As to the application of FLH and MF, the General Court examined the eight pleas in law invoked by FLH and MF and partially annulled the Commission decision. Some interesting points of the judgment dealt with the question whether aid in the form of a capital injection to finance the construction of a new runway can be considered as state aid. The General Court first pointed out that the exploitation an airport constituted an economic activity and that the exploitation of the runway is part of this economic activity. Furthermore, the financed activity (i.e., construction of new runway) cannot be considered separately from the future use of this runway. Therefore, the financing of the construction of a runway which will be later on commercially exploited can be considered as state aid. The fact that the Commission in the past by its communication of 1994 stated that it will not look into the construction of new infrastructure, does not put this assessment in question as there has been an evolution in the aeronautic sector. This evolution has led to the judgment in the case of Aeroport de Paris in which the Court confirmed that the exploitation of an airport constitutes an economic activity and is thus subject to state aid control. As the FLH exercises an economic activity, it can be considered as an undertaking and thus an entity capable of receiving state aid, contrary to what FLH and MF argued. Also, the fact that on the one hand, the Commission considers FLH as beneficiary of state aid concerning the capital injection but on the other hand, considers FLH as granting aid (in relation to the framework- and patronage agreement), is not contradictory. It concerns two different activities and thus justifies the different qualification. Other arguments such as allegations of a retroactive application of the Commission communication of 2005 and violation of the principles of equal treatment and respect of legitimate expectations were rejected by the Court based on an incorrect reading of the Commission Decision.  

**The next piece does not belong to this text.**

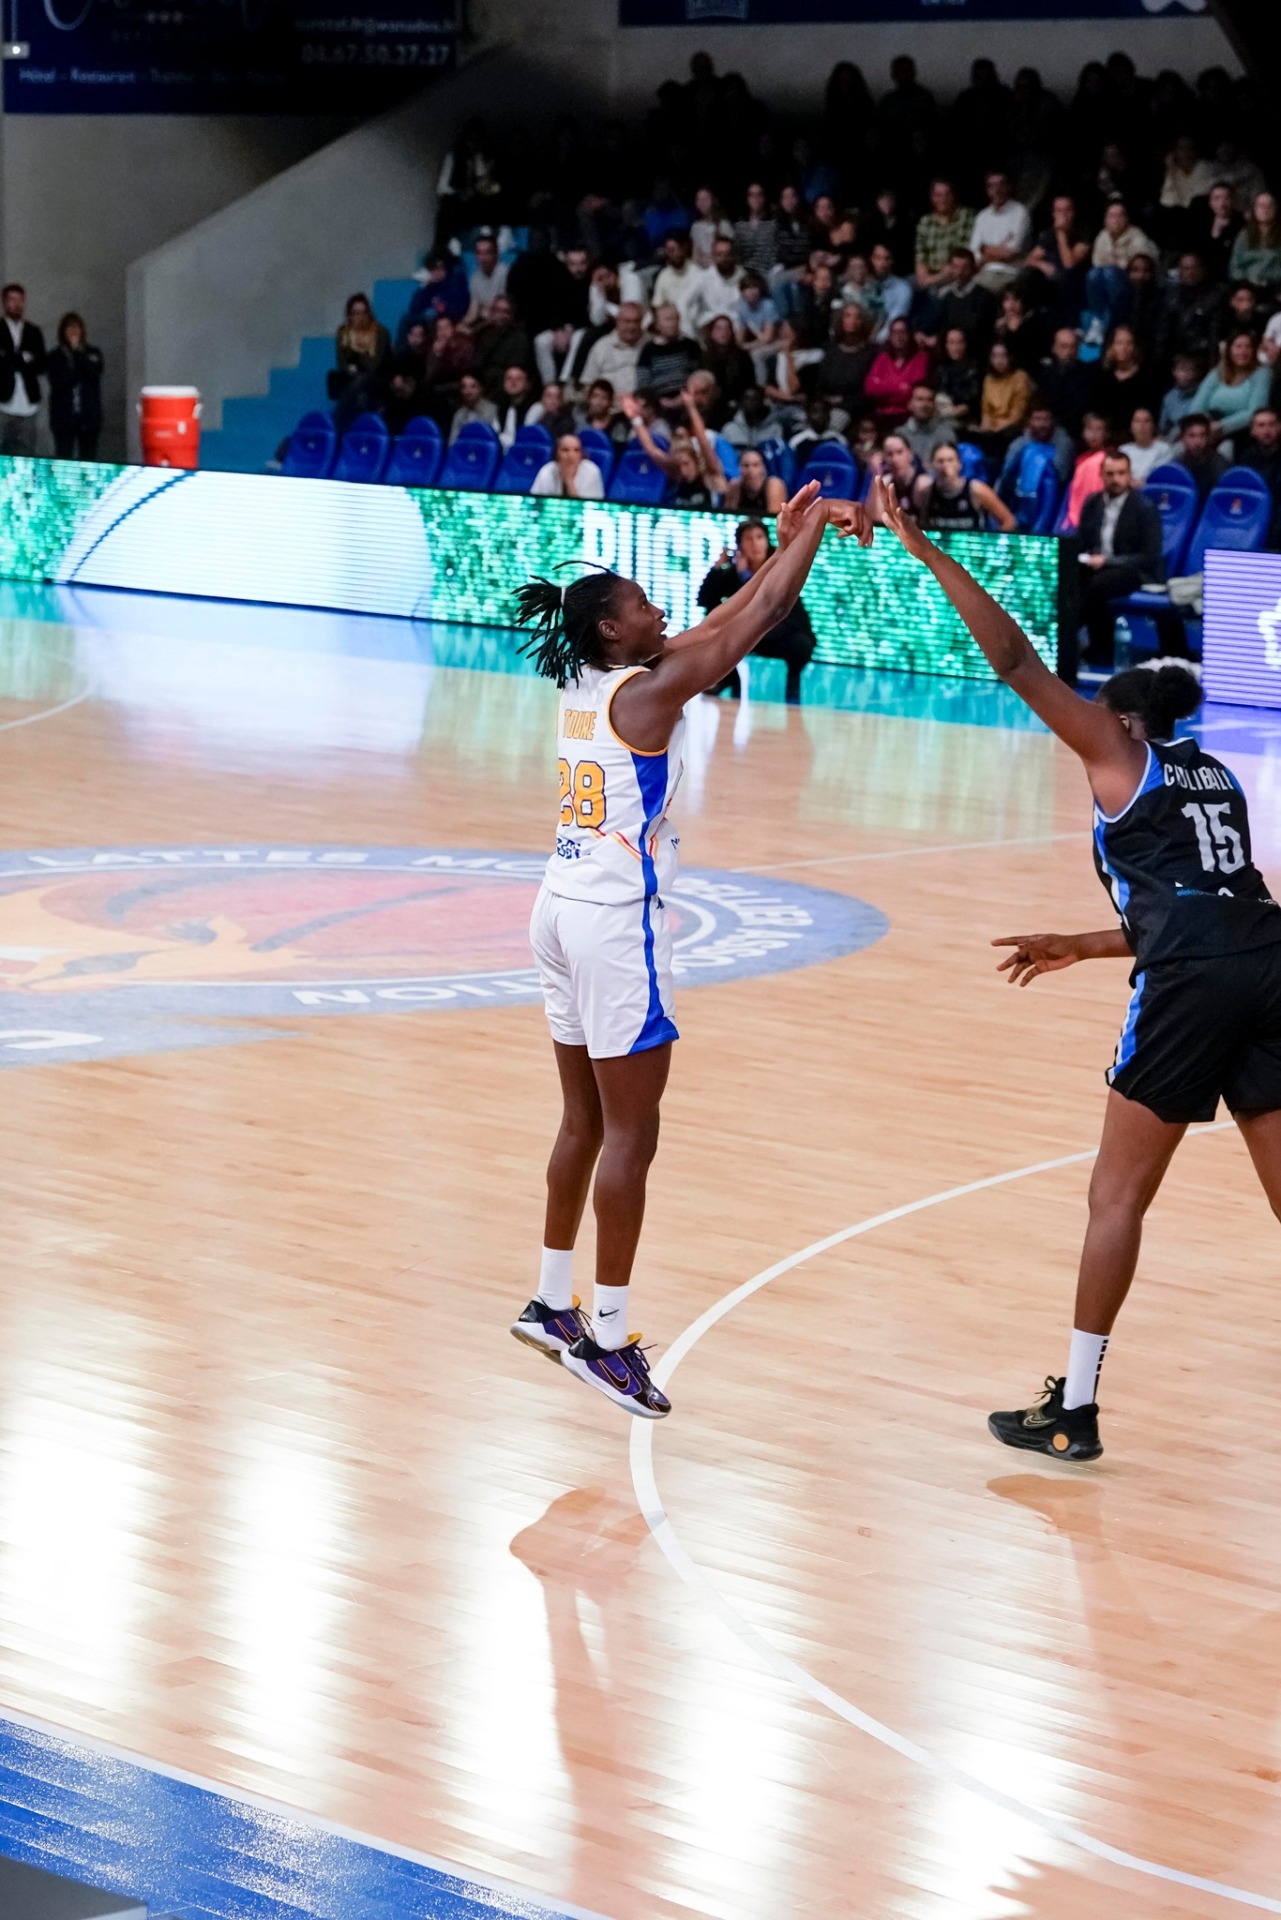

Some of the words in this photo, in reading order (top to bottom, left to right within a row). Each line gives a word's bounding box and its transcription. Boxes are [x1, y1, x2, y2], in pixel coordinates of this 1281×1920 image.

[558, 757, 607, 830] 28
[28, 850, 370, 867] LATTES
[1181, 802, 1246, 875] 15

Finally, the Court annulled the Commission decision in so far as the Commission held in its decision that the state aid amounted to EUR 350 million. In fact the Court held that this clearly contradicted some considerations of the Commission decision in which the Commission held that some of the investments surrounding the construction of the new runway (such as measure in relation to public security, fire protection, …) do not constitute state aid. As these investments were also paid with the capital injection of EUR 350 million, it was clear that the total amount of EUR 350 million could not fully constitute as state aid. The Court went on to conclude that although the Commission is not obliged to specify the exact amount of the aid, but when it does so it has to be the correct amount as this can have an impact on the interest that the beneficiary of the aid has to pay for the period in which the aid was granted before the aid was cleared. Therefore, the Court annulled the Commission Decision in so far as it concluded that the state aid amounted to EUR 350 million.